Il presidente del Consorzio Vino Chianti, Giovanni Busi, ha scritto una lettera urgente ai ministri Francesco Lollobrigida (Agricoltura, Sovranità Alimentare e Foreste), Antonio Tajani (Affari Esteri e Cooperazione Internazionale) e Adolfo Urso (Imprese e Made in Italy) per sollecitare un intervento contro il dazio del 200% sulle bevande alcoliche europee annunciato dal presidente americano Donald Trump.
Secondo il presidente Busi, se il dazio entrasse in vigore, “il blocco totale delle vendite Oltreoceano metterebbe in ginocchio le aziende produttrici, che con i magazzini pieni sarebbero costrette a fermare la produzione e a ricorrere alla cassa integrazione per i dipendenti“.
La questione assume particolare gravità per il vino Chianti, che esporta ogni anno negli Stati Uniti circa il 25% della propria produzione. La lettera evidenzia che “il Chianti è stato tra i primi vini italiani a varcare l’oceano e negli anni ha consolidato una presenza stabile sul mercato americano“. Con l’introduzione di una tariffa così alta, i produttori perderebbero inevitabilmente competitività, causando danni economici pesantissimi.
Busi ha inoltre ricordato che il settore vinicolo è già alle prese con difficoltà legate ai cambiamenti climatici e alle tensioni geopolitiche internazionali. Un nuovo duro colpo economico potrebbe quindi risultare insostenibile. “Quest’anno la produzione è tornata ai livelli standard, permettendoci di iniziare a recuperare terreno dopo anni difficili“, scrive il presidente del Consorzio, “ma se le nostre cantine resteranno piene per l’impossibilità di vendere negli Usa, la vendemmia 2025 sarà seriamente compromessa: senza spazio per il nuovo vino, molti produttori non potranno raccogliere l’uva a settembre“.
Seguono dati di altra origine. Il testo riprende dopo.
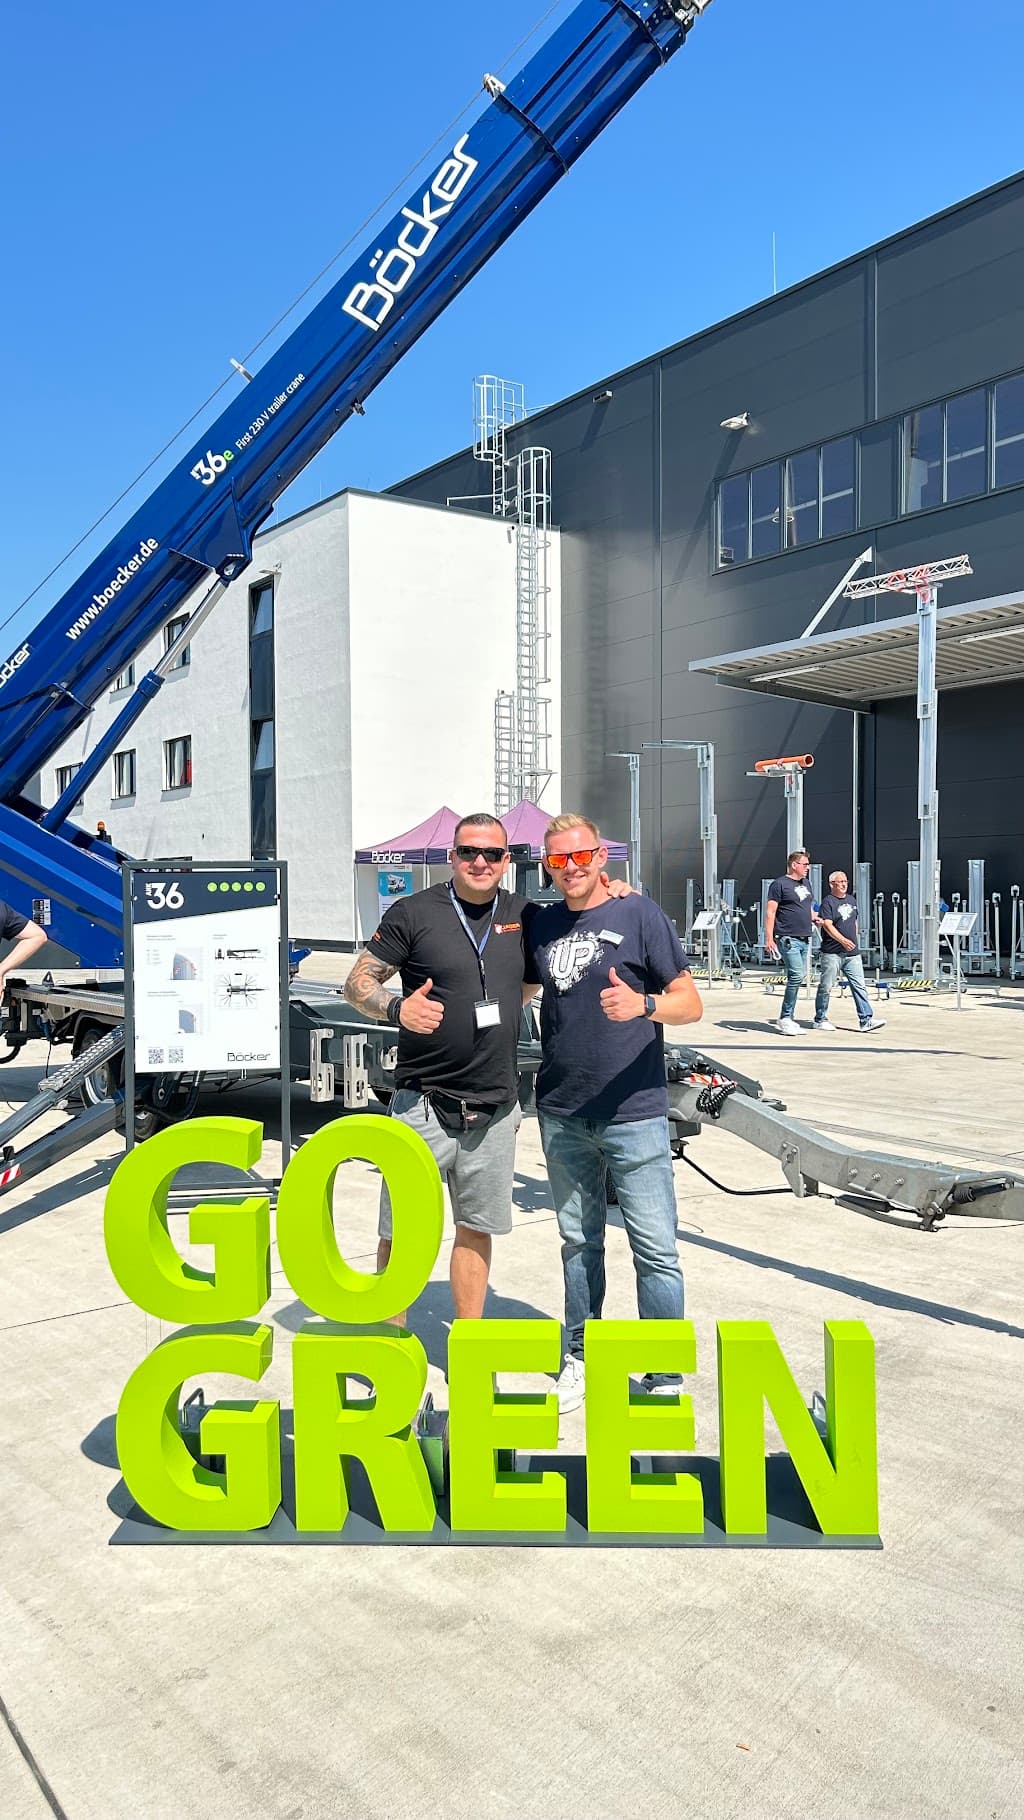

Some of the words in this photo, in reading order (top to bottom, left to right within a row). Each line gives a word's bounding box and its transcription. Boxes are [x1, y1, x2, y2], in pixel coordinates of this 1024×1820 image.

[341, 133, 479, 331] Böcker
[235, 431, 253, 450] First
[249, 417, 265, 435] 230
[261, 410, 270, 421] V
[267, 391, 288, 415] trailer
[286, 373, 306, 394] crane
[65, 537, 159, 641] www.boecker.de
[371, 849, 405, 864] Böcker
[147, 882, 184, 910] 36
[552, 940, 595, 980] UP
[227, 1051, 271, 1062] Böcker
[103, 1113, 445, 1325] GO
[116, 1318, 880, 1535] GREEN
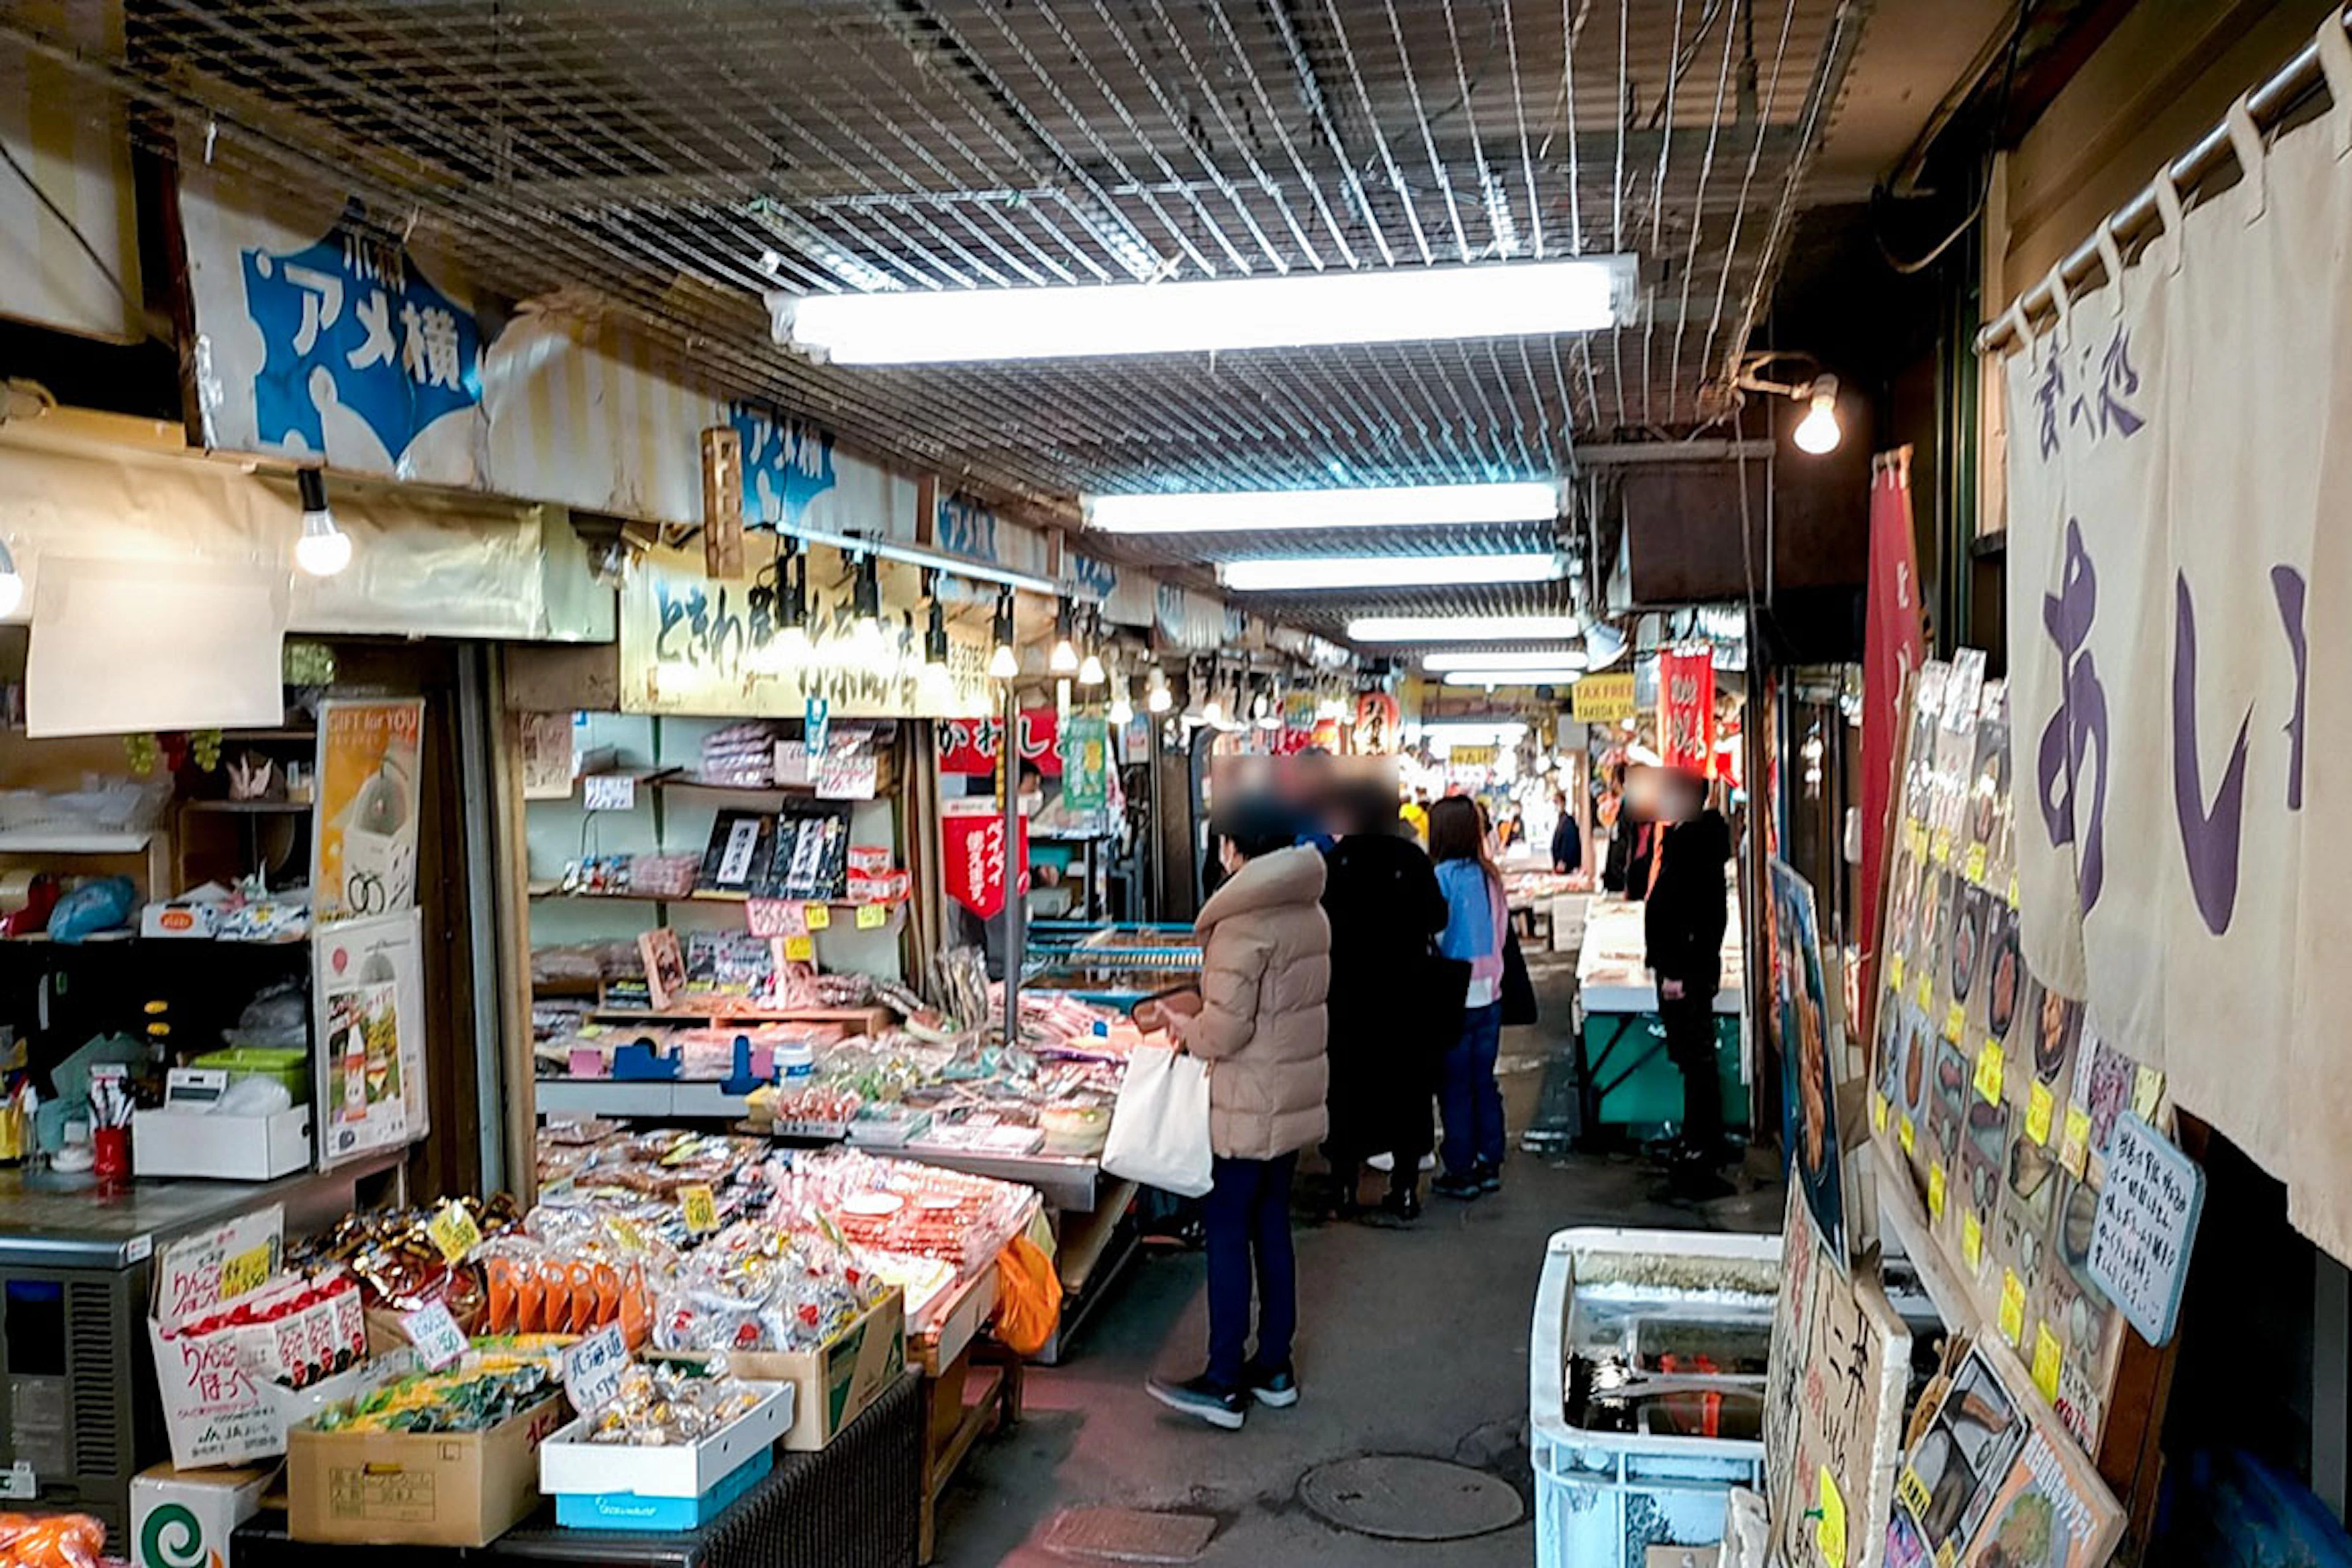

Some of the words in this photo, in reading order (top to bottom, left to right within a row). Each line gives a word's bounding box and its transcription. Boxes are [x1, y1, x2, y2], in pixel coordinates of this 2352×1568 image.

Il Consorzio ha dunque invitato con forza il Governo italiano e l’Unione Europea ad agire tempestivamente, aprendo subito un dialogo diplomatico con gli Stati Uniti. “È fondamentale che le nostre istituzioni si attivino subito“, conclude Busi, “per tutelare un settore che rappresenta un’eccellenza del Made in Italy e un pilastro della nostra economia“.